===== Data listing

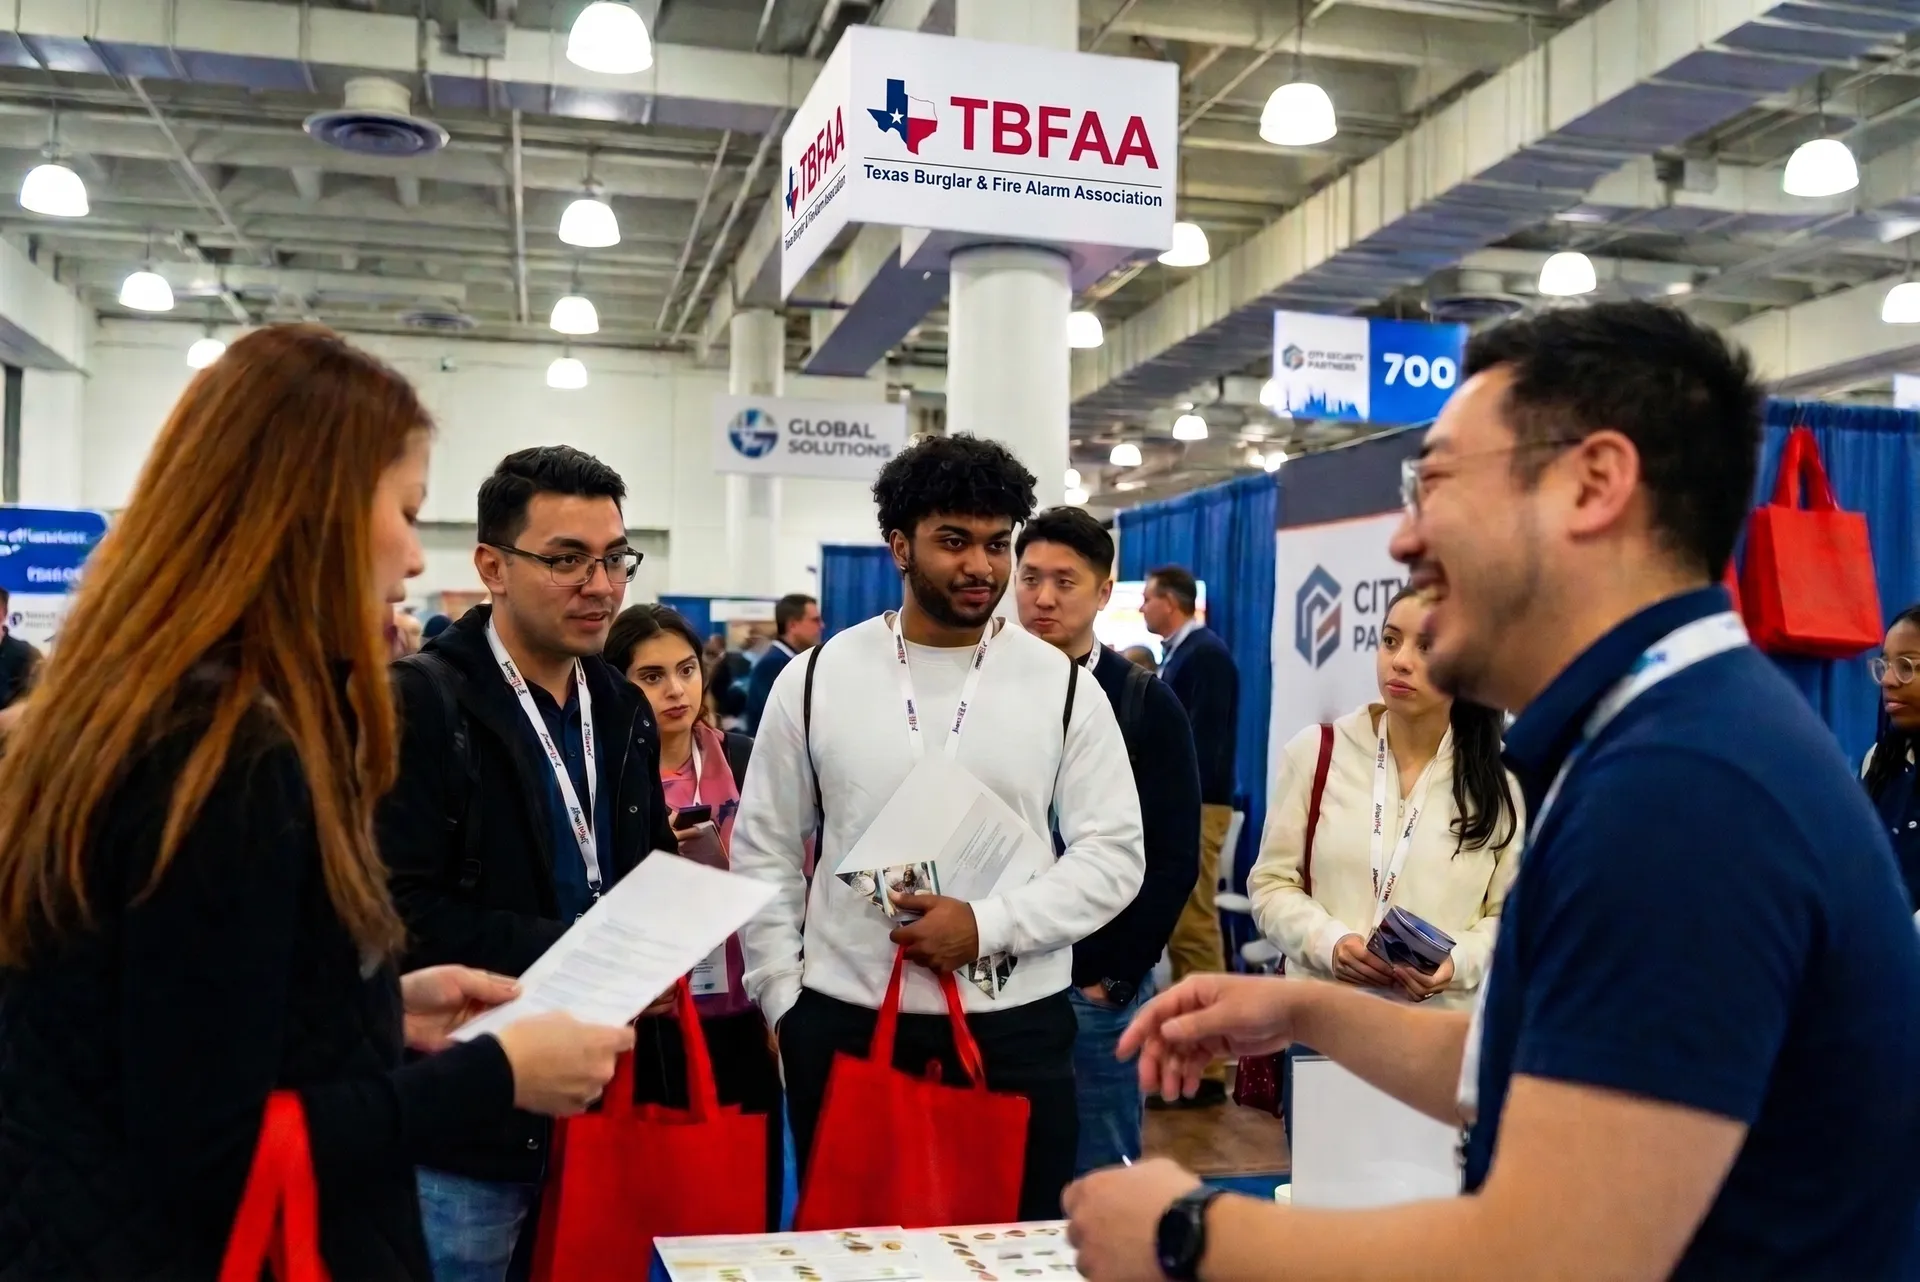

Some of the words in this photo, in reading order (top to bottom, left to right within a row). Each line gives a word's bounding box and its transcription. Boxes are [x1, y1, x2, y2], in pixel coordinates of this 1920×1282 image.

[950, 96, 1159, 170] TBFAA
[800, 106, 845, 201] TBFAA
[863, 164, 909, 183] Texas
[914, 169, 972, 190] Burglar
[976, 175, 988, 190] &
[993, 177, 1022, 194] Fire
[1025, 180, 1070, 198] Alarm
[1074, 185, 1162, 207] Association
[1383, 353, 1457, 390] 700
[788, 418, 876, 439] GLOBAL
[788, 439, 892, 458] SOLUTIONS
[1353, 625, 1380, 652] PA
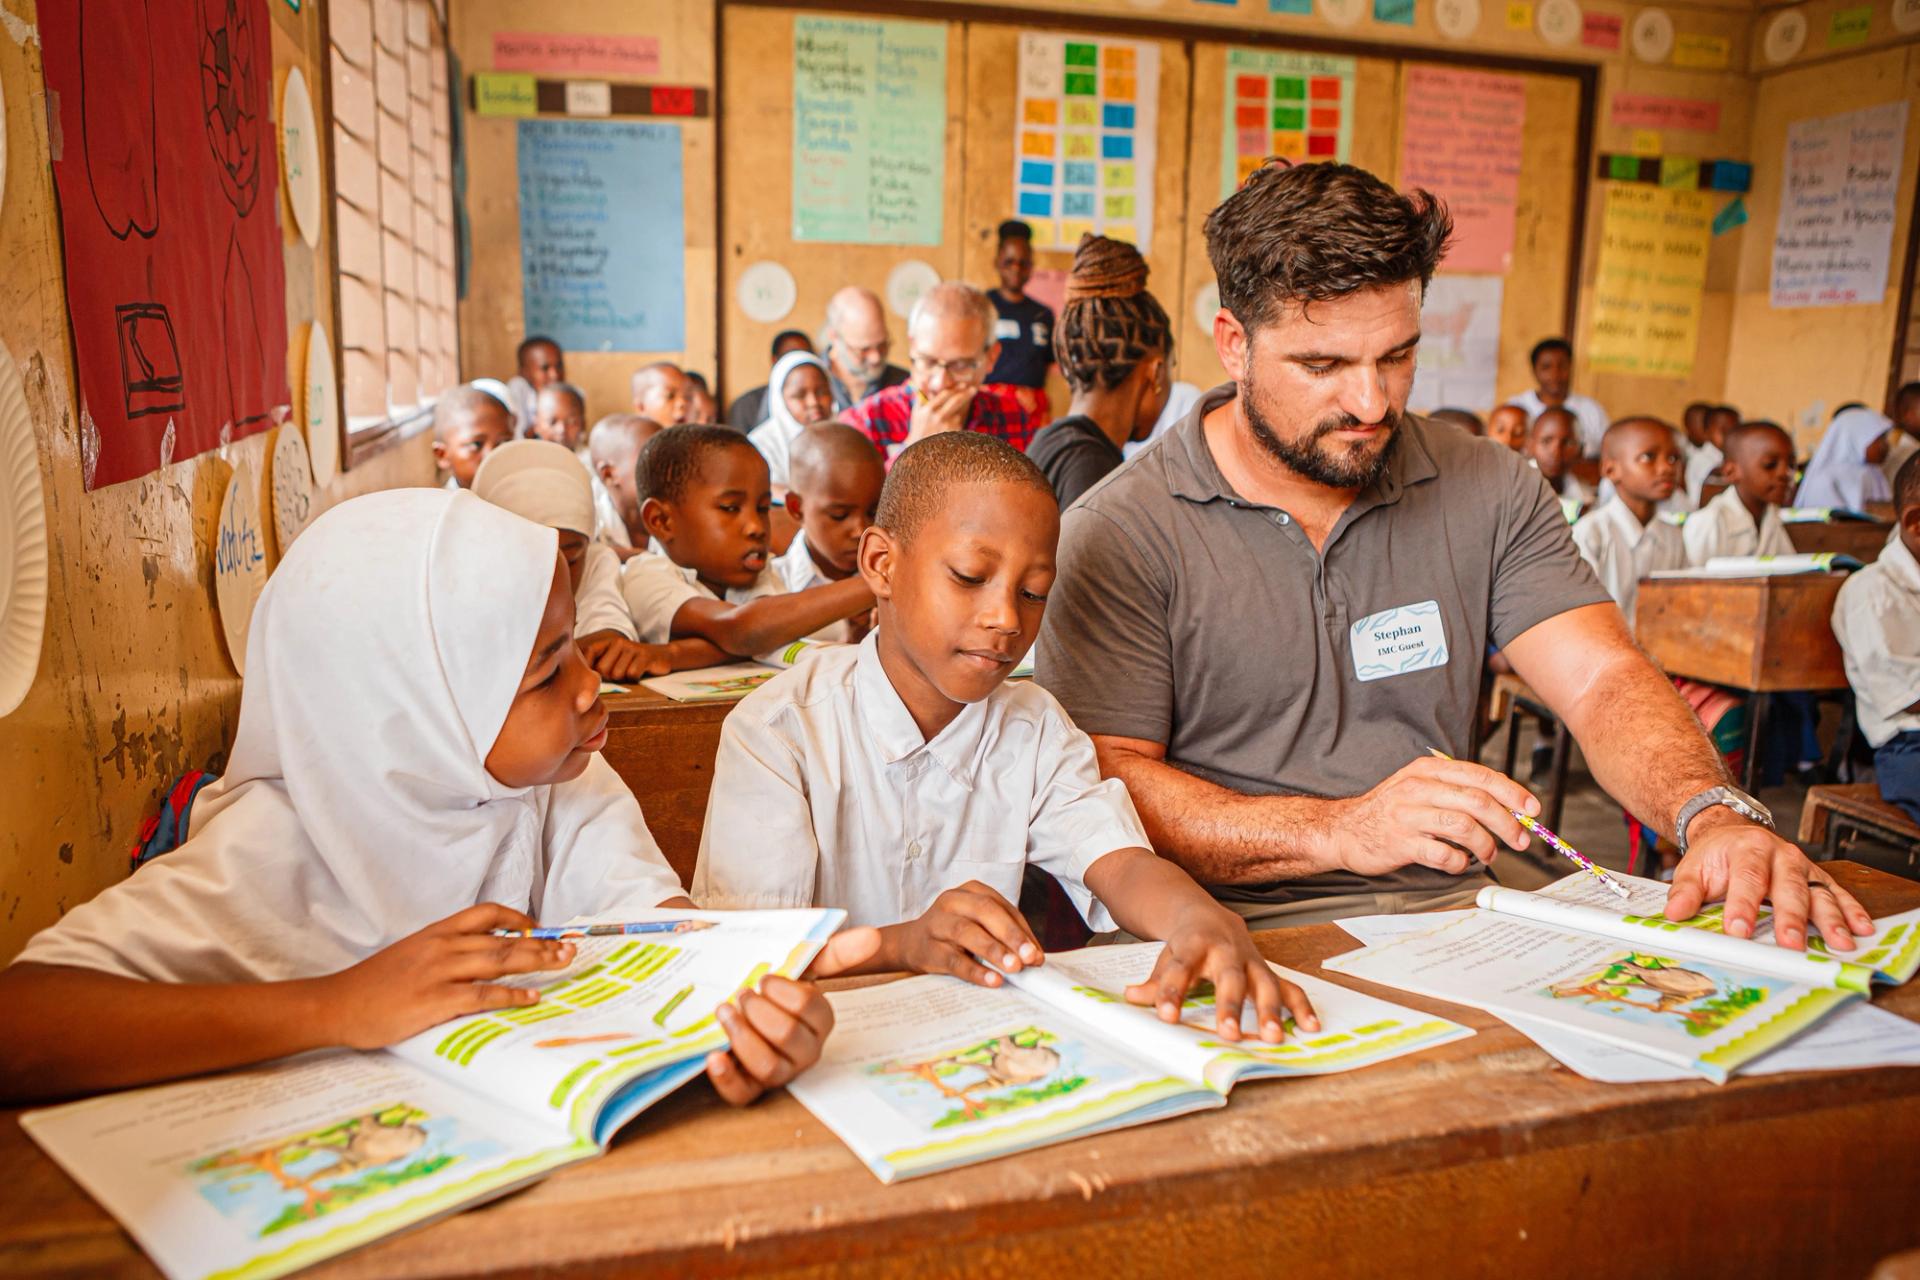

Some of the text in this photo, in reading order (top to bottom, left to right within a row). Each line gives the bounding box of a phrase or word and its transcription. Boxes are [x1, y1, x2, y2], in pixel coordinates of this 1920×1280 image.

[1374, 625, 1421, 640] Stephan
[1378, 640, 1424, 656] IMC Guest
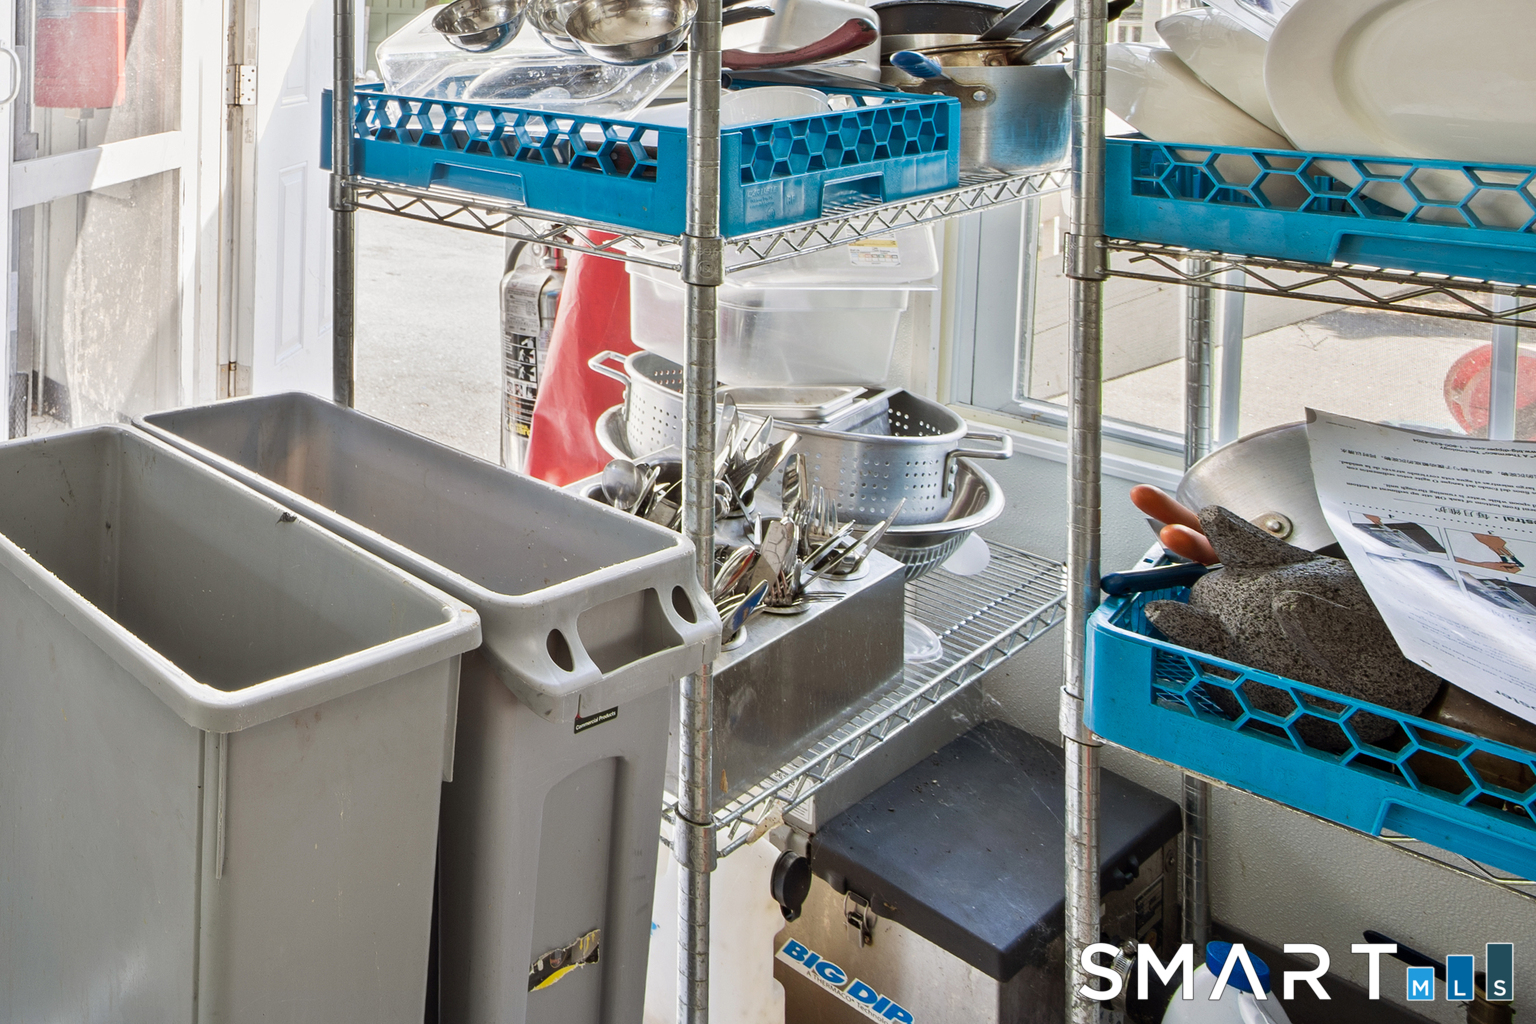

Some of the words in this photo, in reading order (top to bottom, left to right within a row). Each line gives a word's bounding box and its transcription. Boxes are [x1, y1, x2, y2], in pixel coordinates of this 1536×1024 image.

[575, 716, 599, 731] Commercial
[599, 711, 616, 722] Products
[782, 939, 847, 985] BIG

==========

**What you need to do**: Leaving pictures aside, write out each record above exactly as given.

**Reply**:
Some of the words in this photo, in reading order (top to bottom, left to right within a row). Each line gives a word's bounding box and its transcription. Boxes are [x1, y1, x2, y2], in pixel coordinates of this 1920×1282 image.

[950, 96, 1159, 170] TBFAA
[800, 106, 845, 201] TBFAA
[863, 164, 909, 183] Texas
[914, 169, 972, 190] Burglar
[976, 175, 988, 190] &
[993, 177, 1022, 194] Fire
[1025, 180, 1070, 198] Alarm
[1074, 185, 1162, 207] Association
[1383, 353, 1457, 390] 700
[788, 418, 876, 439] GLOBAL
[788, 439, 892, 458] SOLUTIONS
[1353, 625, 1380, 652] PA

Some of the text in this photo, in reading order (top to bottom, left to right within a row). Each line gives the bounding box of a phrase or word and its transcription. Boxes are [x1, y1, x2, y2], in pixel coordinates of this 1920×1280 image.

[1374, 625, 1421, 640] Stephan
[1378, 640, 1424, 656] IMC Guest

Some of the words in this photo, in reading order (top to bottom, left to right within a row). Each line gives a word's bounding box and its transcription. Boxes are [x1, y1, x2, y2], in pixel coordinates of this 1536×1024 image.

[575, 716, 599, 731] Commercial
[599, 711, 616, 722] Products
[782, 939, 847, 985] BIG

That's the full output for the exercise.